† Humbert’s previous wives, Valeria, ‘the brainless baban’ from his Paris period, and Charlotte, ‘she of the noble nipple and massive thigh’, the onetime Mrs Haze, Lolita’s mother. Now please go back, if you would, and start the passage again.

  * Once, in 1990 or thereabouts, I challengingly read this passage out loud to my father. Thirty years earlier he had written a long, hostile and, in my view, wilfully philistine review of Lolita just before it was published here in 1959 (and it was published here very warily: the matter was discussed in Cabinet). The book, he announced, was ‘thoroughly bad in both senses: bad as a work of art, that is, and morally bad — though certainly not obscene or pornographic’. Having fulfilled the necessary condition of wholly identifying Humbert with Nabokov, Kingsley was free to land some rough punches: ‘… the many totally incidental cruelties … bring the author into consideration as well, and I really don’t care which of them is being wonderfully mature and devastating when Lolita’s mother … is run over and killed [there follows a long quotation, ending:] “a dead woman, the top of her head a porridge of bone, brains, bronze hair and blood.” That’s the boy, Humbert/Nabokov: alliterative to the last.’ Kingsley’s oblique stroke, here, is the slash of a vandal. And that ‘I really don’t care’ (where the reviewer throws off the critical shackles to pull one back for common decency) should be taken literally as a boast of indifference to literary truth … When I read the quoted paragraph out loud to him he said, ‘That’s just flimflam, diversionary stuff to make you think he cares. That’s just style.’ Whereas I would argue that style is morality: morality detailed, configured, intensified. It’s not in the mere narrative arrangement of good and bad that morality makes itself felt. It can be there in every sentence. To Kingsley, though, sustained euphony automatically became euphuism: always. His review of Lolita is collected in What Became of Jane Austen? (1970).

  * Proviso: in astrology everything is 100 per cent false except everything about Scorpios, which is 100 per cent true.

  Letter from Home

  108 Maida Vale

  London, W.9.

  Dearest Dad and Jane,

  It’s pretty fine about the Exhibition, isn’t it?* There’s still some adrenalin coursing through my veins. It’s £40 by the way. (Is that £40 per year or for the 3 yrs?). Anyway it’s not so much the money but the distinction and fame which will undoubtedly accrue and the awe that my new intellectual rank will inevitably excite. Mr Ardagh told me that [John] Carey at St. John’s was embarrassed by the state of my languages but [Jonathan] Wordsworth at Exeter, who doesn’t care about that, and, I suspect, is rather proud of the fact that he doesn’t care about that, has advised me that I have been elected to an open Exhibition.

  Hope you had a good time in Mexico.

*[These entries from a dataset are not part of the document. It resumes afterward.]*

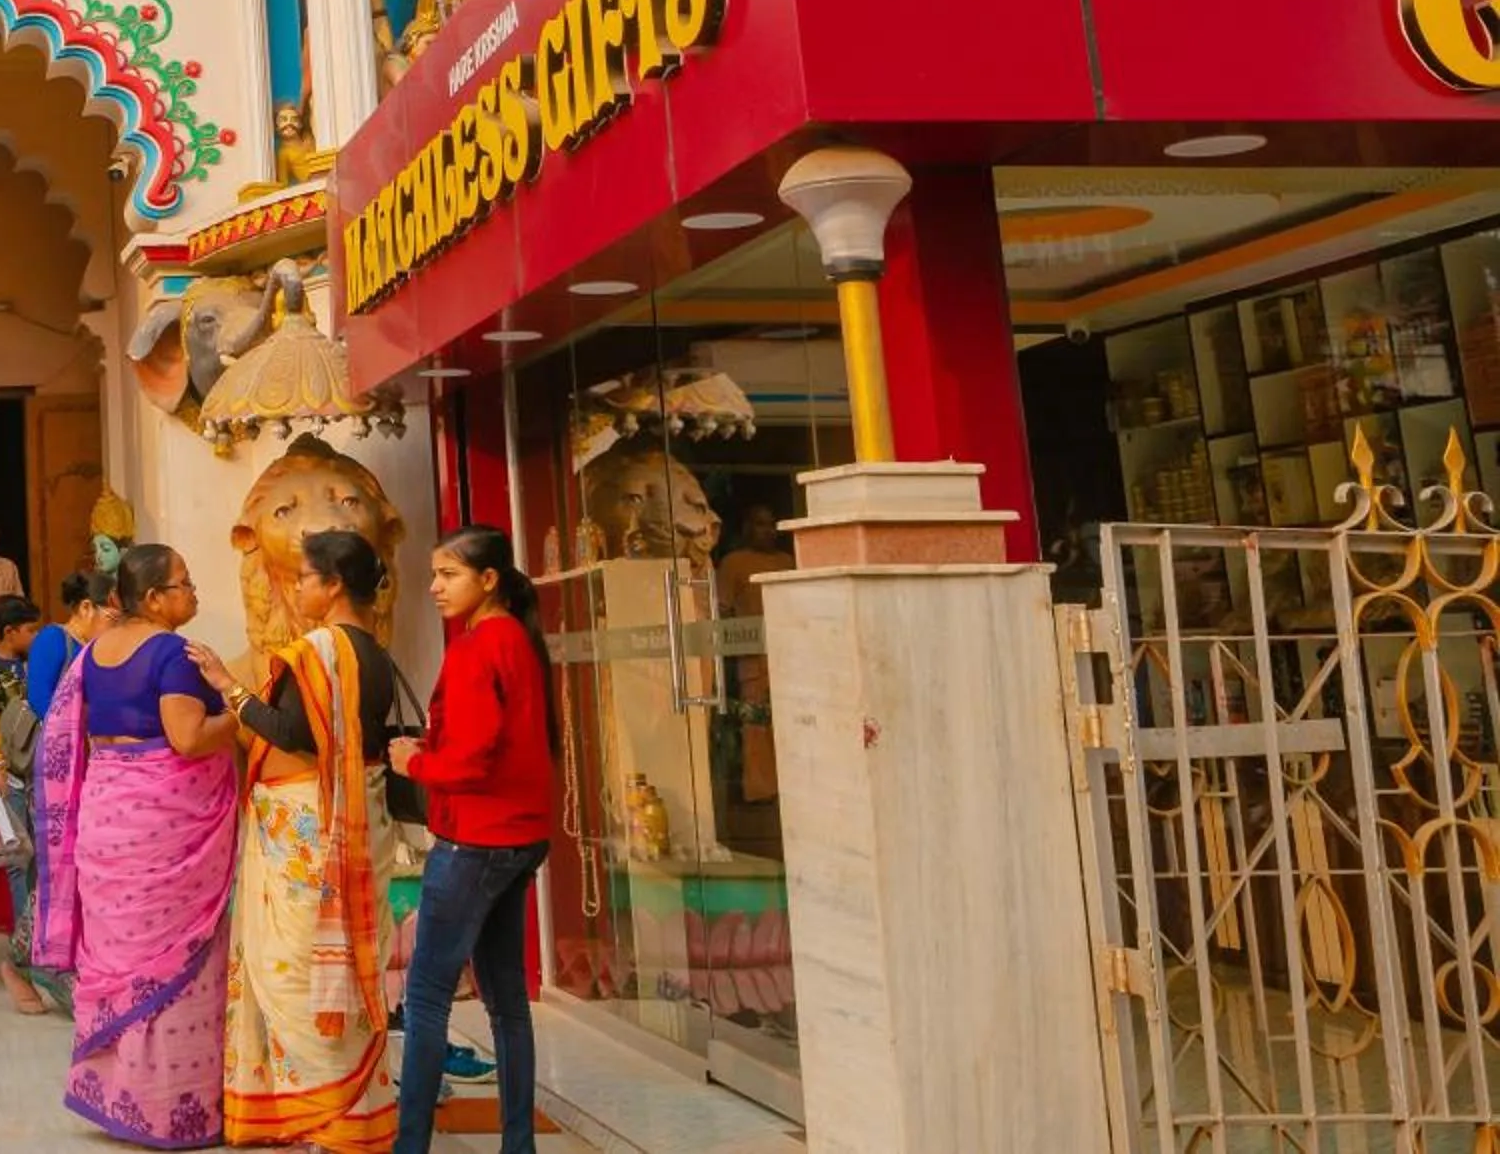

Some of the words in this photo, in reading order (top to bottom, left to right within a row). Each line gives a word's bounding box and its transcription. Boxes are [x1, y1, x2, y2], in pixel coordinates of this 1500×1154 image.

[448, 46, 475, 97] HARE
[474, 0, 519, 70] KRISHNA
[343, 57, 540, 314] MATCHLESS
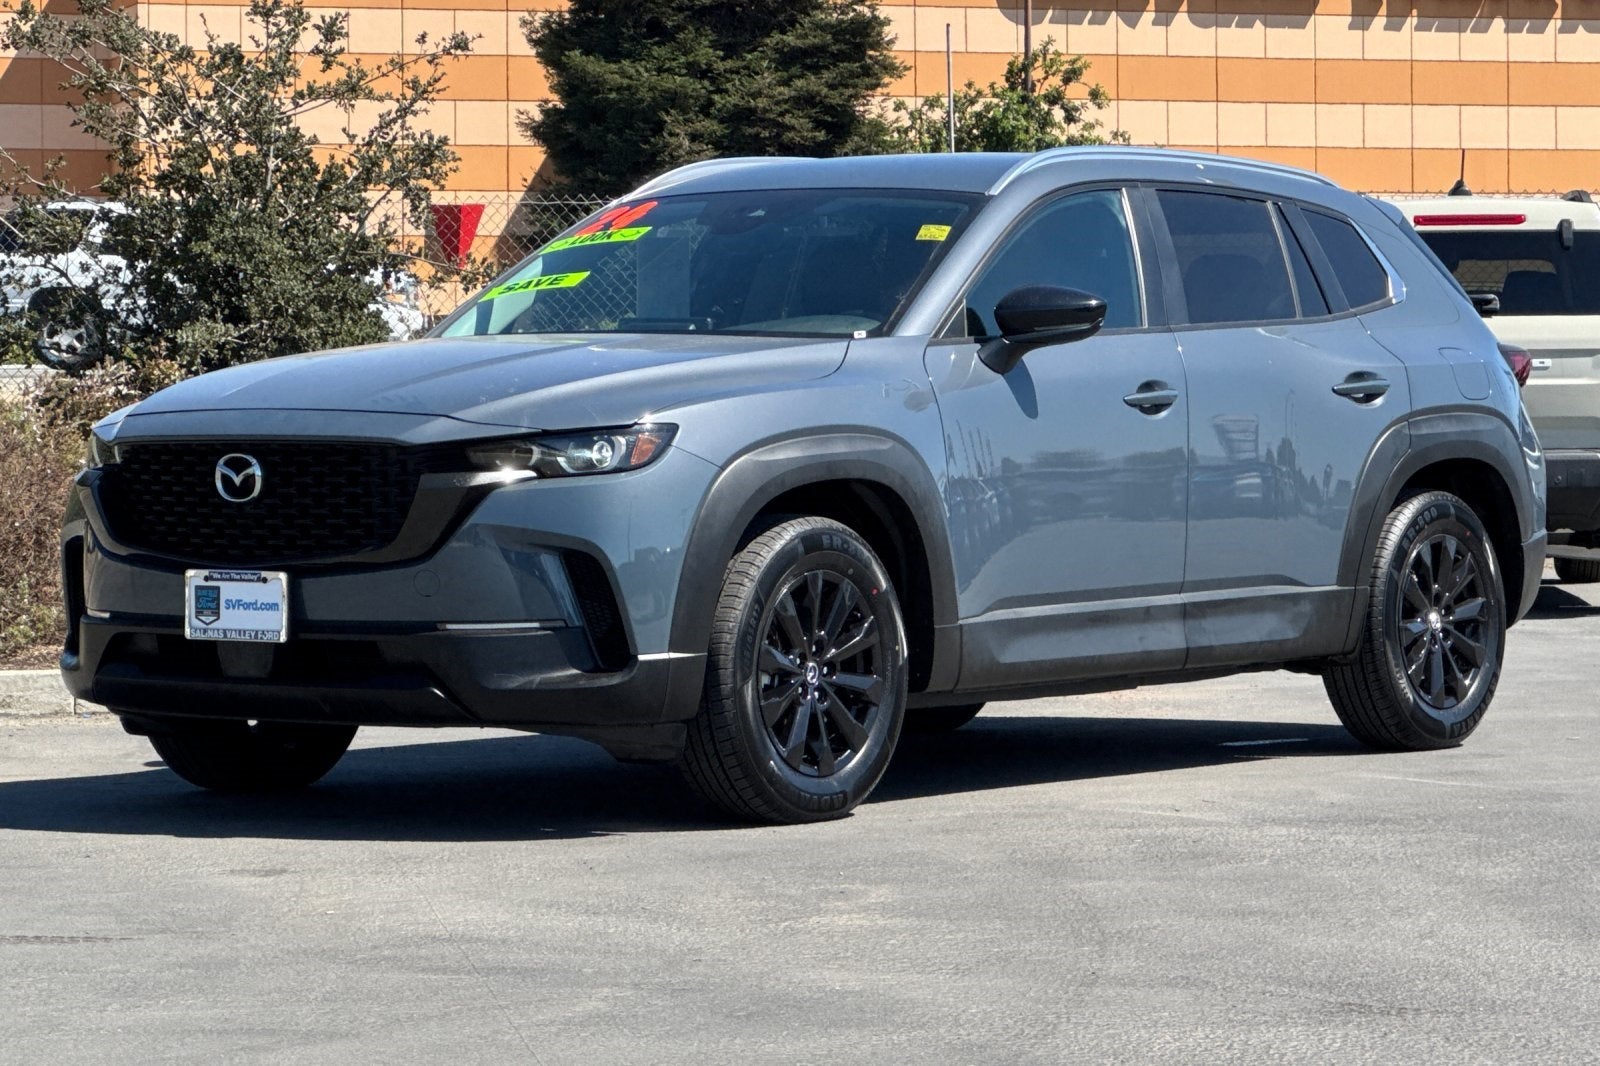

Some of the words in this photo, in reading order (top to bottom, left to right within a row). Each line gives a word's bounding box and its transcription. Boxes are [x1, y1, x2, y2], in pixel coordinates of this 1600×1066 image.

[568, 230, 618, 247] LOOK
[498, 274, 570, 295] SAVE
[224, 599, 279, 611] SVFord.com
[226, 630, 256, 639] VALLEY
[258, 631, 279, 640] FORD

Meanwhile, back in Maida Vale, everything is much the same as ever. Colin flits from long work-outs on his bed to dangerously prolonged sun-ray lamp sessions, and then buckles down to his meditation. Consequently he is dreamy, swarthy and serene. The only reason I can venture to explain his intermittent correspondence is that he has been very busy not ordering enough Weetabix. Sarg gets some hours in on the same employment. Apart from this grave negligence they are looking after me splendidly.

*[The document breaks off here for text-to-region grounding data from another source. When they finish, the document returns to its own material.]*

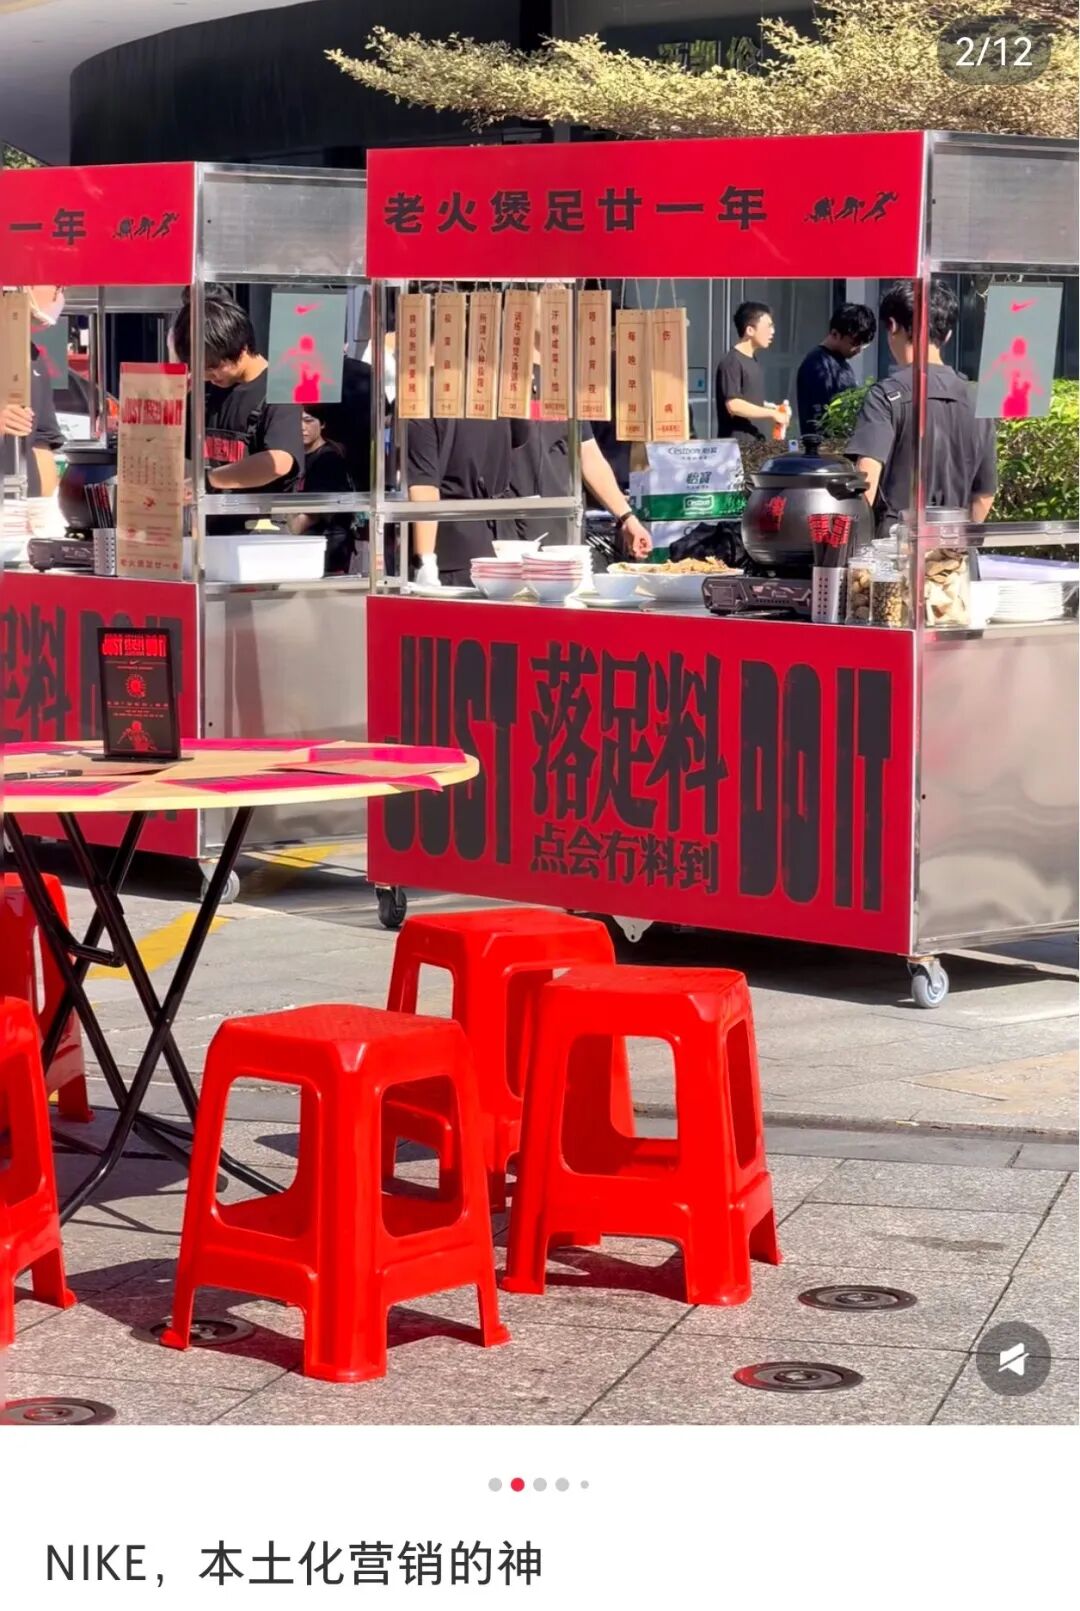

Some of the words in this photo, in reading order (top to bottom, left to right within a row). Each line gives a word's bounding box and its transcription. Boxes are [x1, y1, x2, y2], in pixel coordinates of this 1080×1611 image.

[10, 208, 87, 245] 一年
[383, 186, 768, 233] 老火煲足廿一年
[384, 635, 518, 864] JUST
[529, 640, 731, 835] 落足料
[738, 660, 822, 903] DO
[834, 667, 893, 912] IT
[529, 821, 720, 893] 点会冇料到

  Catsaca, while not putting robins to the sword, staggers and dribbles, allowing us all full knowledge of her naked flesh; Princely Hugo spins away the hours in his habitual placid wonderment. Malfi has the run of the house at all times. If there are rows then Catsaca is hustled into Niger’s study — however she has not favoured any of the furniture with her urine.*

  I spent Xmas with Mum. At Maida Vale the festive season was never really acknowledged. There was a sullen exchange of presents on Xmas-eve-eve and then everyone buggered off. But spirits are always high and your return is the only desired complement to the general contentment. We are thinking of coming to S/Hampton in a Lincoln Executive, which is about 40 yards long — that should do it nicely. I shall enjoy watching Col clearing the hall of his hi-fi stuff which has been growing steadily until it now constitutes an amorphous expanse of wires, cases and tubes. I am looking forward more than I can say to your return,

  Lots of Love

  Mart XXX

  P.S. Sorry if this seems a bit of a ‘stream of consciousness’ letter but I’m still excited.

  P.P.S. How does Virginia Woolf mean?

  * I had been expecting to say here that this was my least favourite sentence from the Osric archive; but I thought I had written ‘rather fine’, not ‘pretty fine’, and ‘pretty fine’ is not as bad as ‘rather fine’. An exhibition (£40 per year) places you between the scholar (£60 per year) and the commoner (nothing). The admissions dons use the ‘awards’ as an intercollegiate trumping system to get the students they want. I was made a scholar in my last year and got the telltale longer gown. I was probably very pleased about that. This letter reverts to manuscript.

  * These three were the house cats, all of them great beauties and exotics (though Catsaca was moulting with age). Niger, or The Niger (pronounced like the river), a fictive figure whom Kingsley would sometimes impersonate, was an uncontrollably successful black gangster who had a fleet of ‘pink Cadillacs doubleparked’ outside his house.

  The City and the Village

  At the memorial service for Lucy Partington one of the speakers, Sara Boas, charmingly introduced herself as follows: ‘I’m Sara and my mother is Lucy’s father … I mean Lucy’s father’s sister. Good start, isn’t it?’* Sara, in other words, is Lucy’s cousin on the father’s side. I am Lucy’s cousin on the mother’s side. We are, in that odd-looking phrase, german cousins (COD: ‘in the fullest sense of relationship’). Lucy and I shared two grandparents, Leonard and Margery Bardwell, who were themselves cousins — german cousins. When I was about ten I asked Lucy’s sister Marian to be my bride; and she accepted. Had that secret engagement come to fruition, then David (at last) would have been my brother, in a way, and Lucy would have been my sister. Not my german sister but my sister-in-law.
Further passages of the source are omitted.